Wing Commander Elisha Levi was a highly respected and decorated pilot. An ethnic Crimean Krymchak, Levi joined the embryonic CDF/AF during the Crimean War of Independence and earned a reputation as a natural leader and aerial sharp-shooter. Levi was the Wing Commander of the Shalom Berman Wing at the time of Operation Barbarossa, which was named after the Soviet Army Air Force mechanic and Krymchak Hero of the Socialist Union who was a leader of an uprising against Stalinist control at Belbeck.
By early November Levi had built up an impressive kill tally and his aircraft was adorned with 6.5 kill credits. These were 5.5 Luftwaffe claims (two Hs 1126As, a Fi 156A, a Ju-87B, a Bf 109E and another '109 shared) and 1 from the Regia Aeronautica (a Regianne Re.1901).
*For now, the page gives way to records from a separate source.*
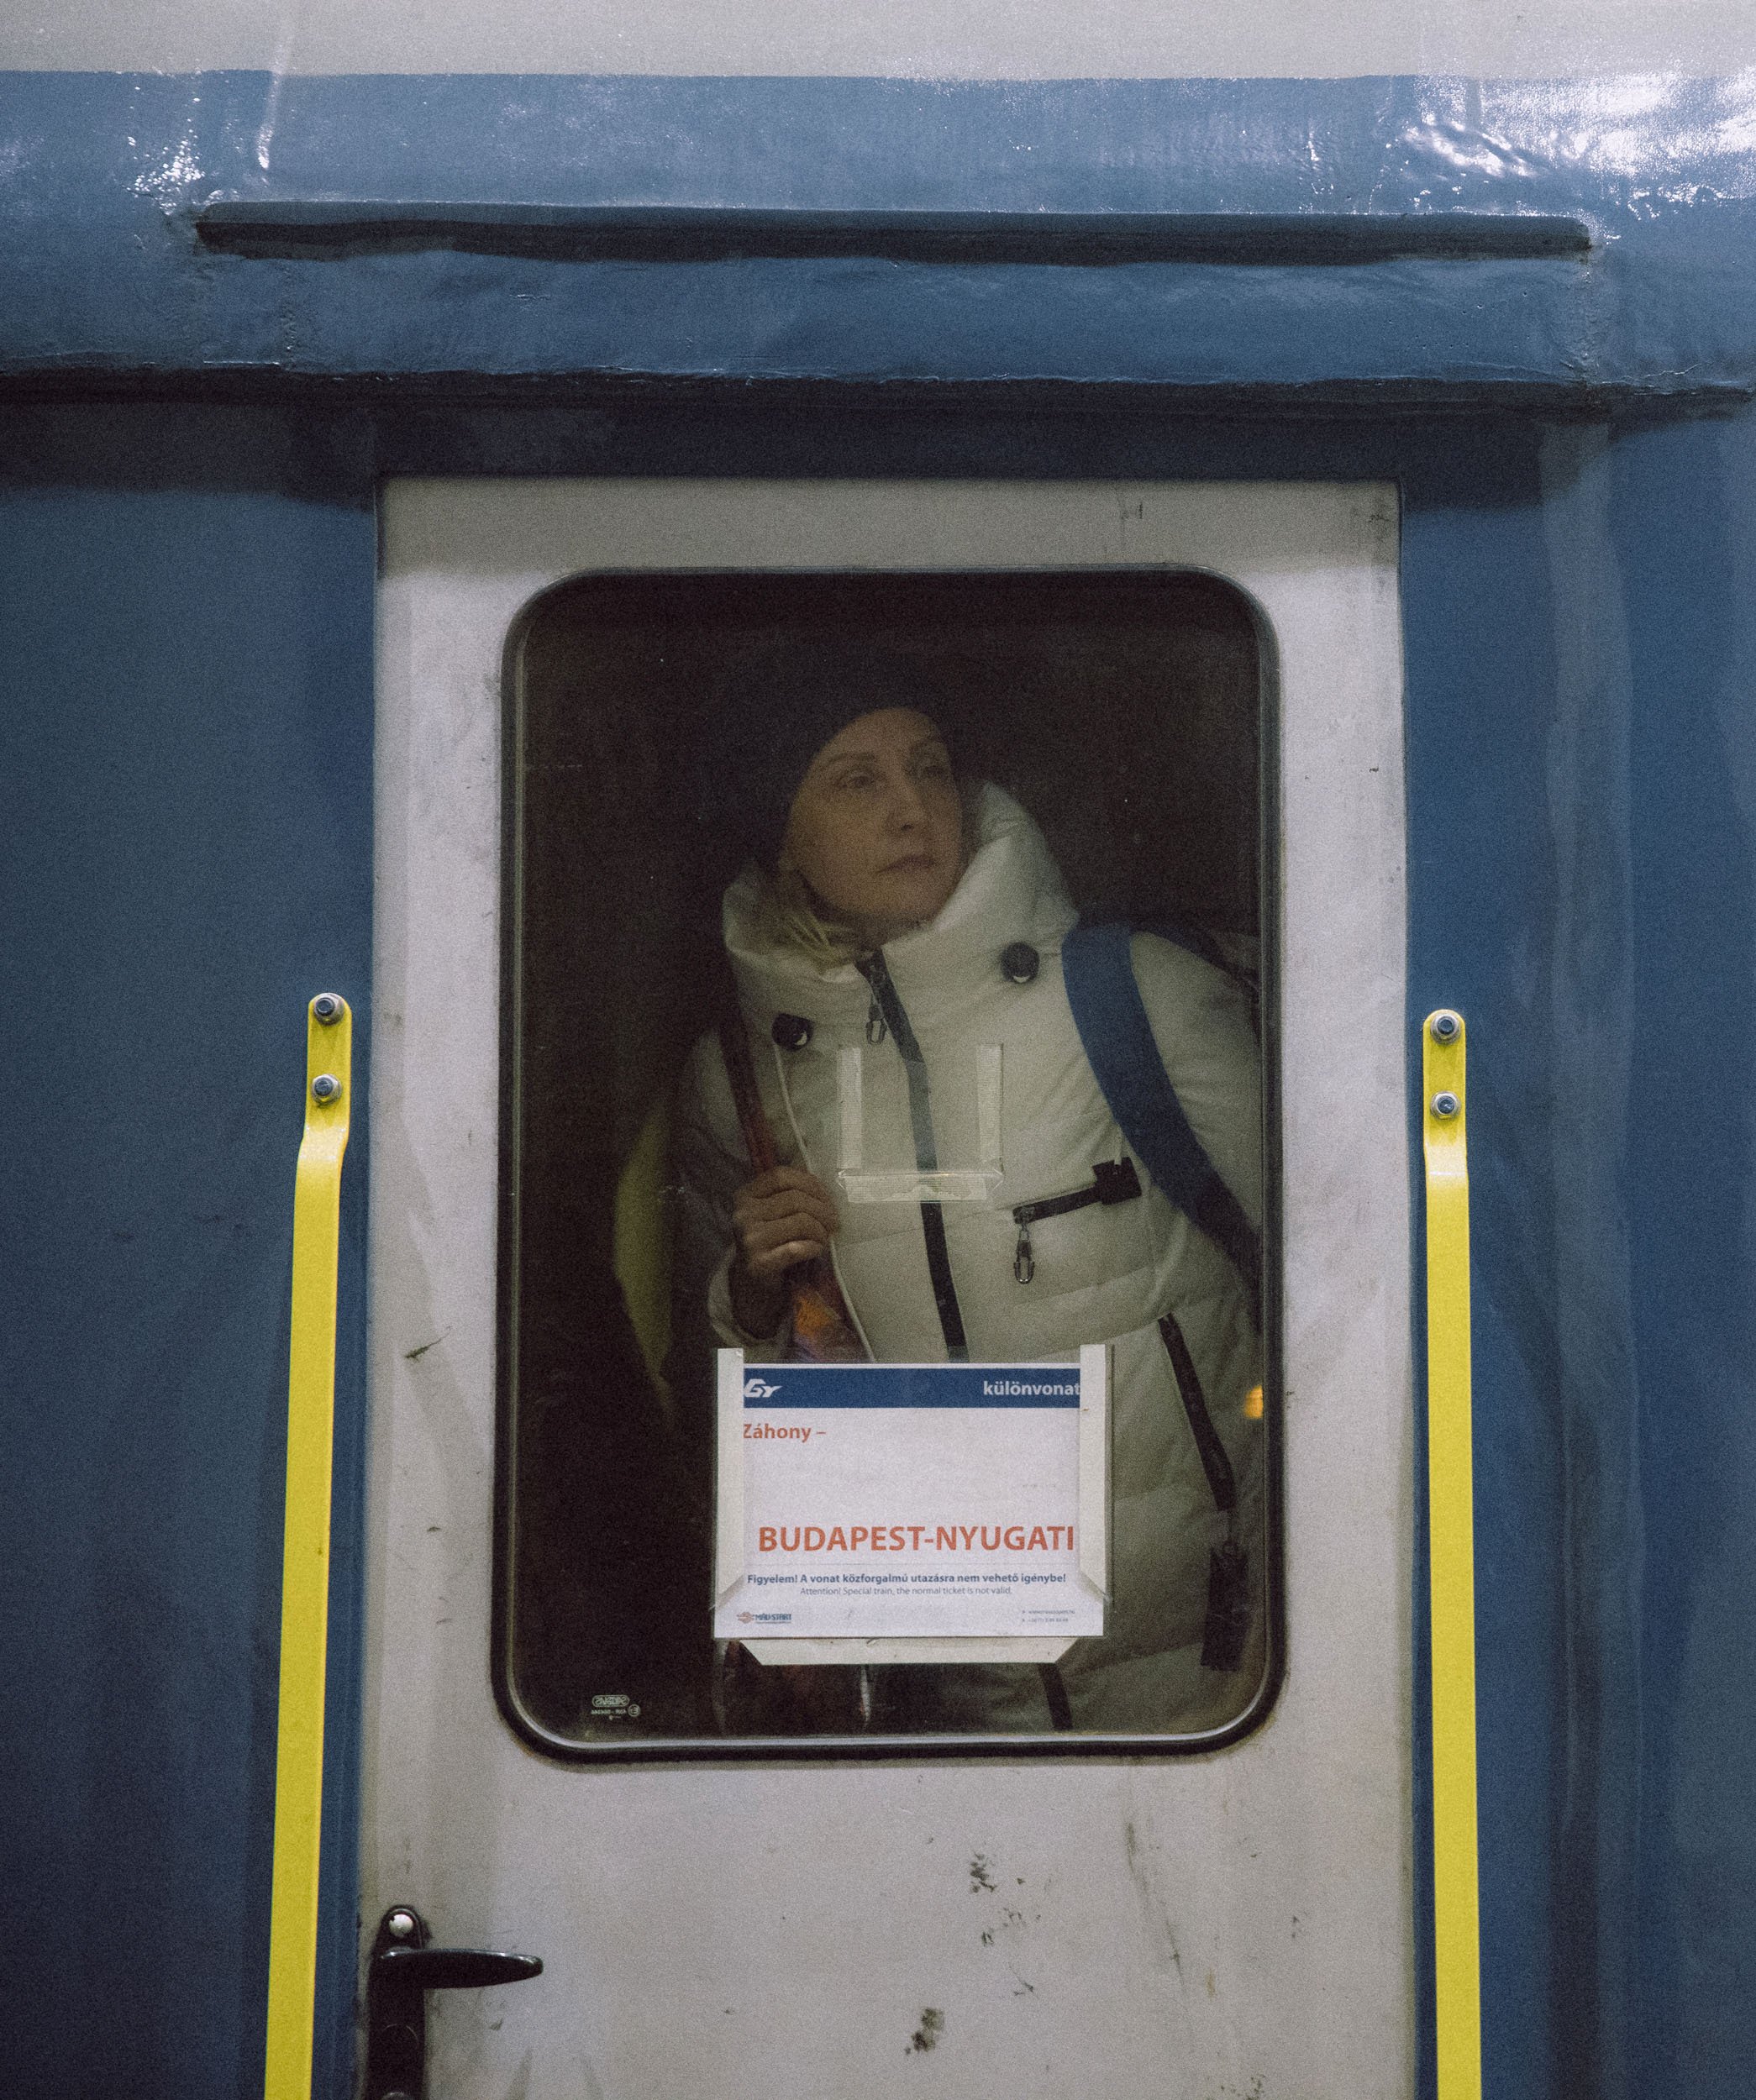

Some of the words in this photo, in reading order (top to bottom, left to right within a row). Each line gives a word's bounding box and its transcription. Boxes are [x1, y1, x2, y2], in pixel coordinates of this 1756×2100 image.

[983, 1380, 1080, 1395] különvonat
[744, 1423, 812, 1443] Záhony
[759, 1525, 1075, 1552] BUDAPEST-NYUGATI
[748, 1574, 798, 1586] Figyelem!
[800, 1574, 807, 1583] A
[810, 1574, 840, 1583] vonat
[843, 1573, 908, 1585] közforgalmú
[911, 1573, 955, 1583] utazásra
[982, 1573, 1019, 1583] vehető
[1021, 1573, 1066, 1585] igénybe!
[843, 1587, 872, 1595] Special
[874, 1587, 895, 1596] train,
[943, 1586, 965, 1594] ticket
The types that Levi achieved victory over reflect the kinds of tactical missions that the Shalom Berman Wing conducted; these included frontline air defence, close air support, battlefield area interdiction and armed reconnaissance. The plane also featured the Wing's badge on its red painted tail rudder and had the spinner and undercarriage covers also painted red to identify his Wing Commander position.
Wing Commander Levi was killed in action on 9 November, 1941, shot down by German flak at low altitude while leading a strike mission against Wehrmacht artillery positions. He was badly wounded by shrapnel and his plane burst into flames as it crashed into trees near Tankove. Wing Commander Elisha Levi was posthumously awarded both the Crimean Medal of Valor and the Hero of the Socialist Union decorations.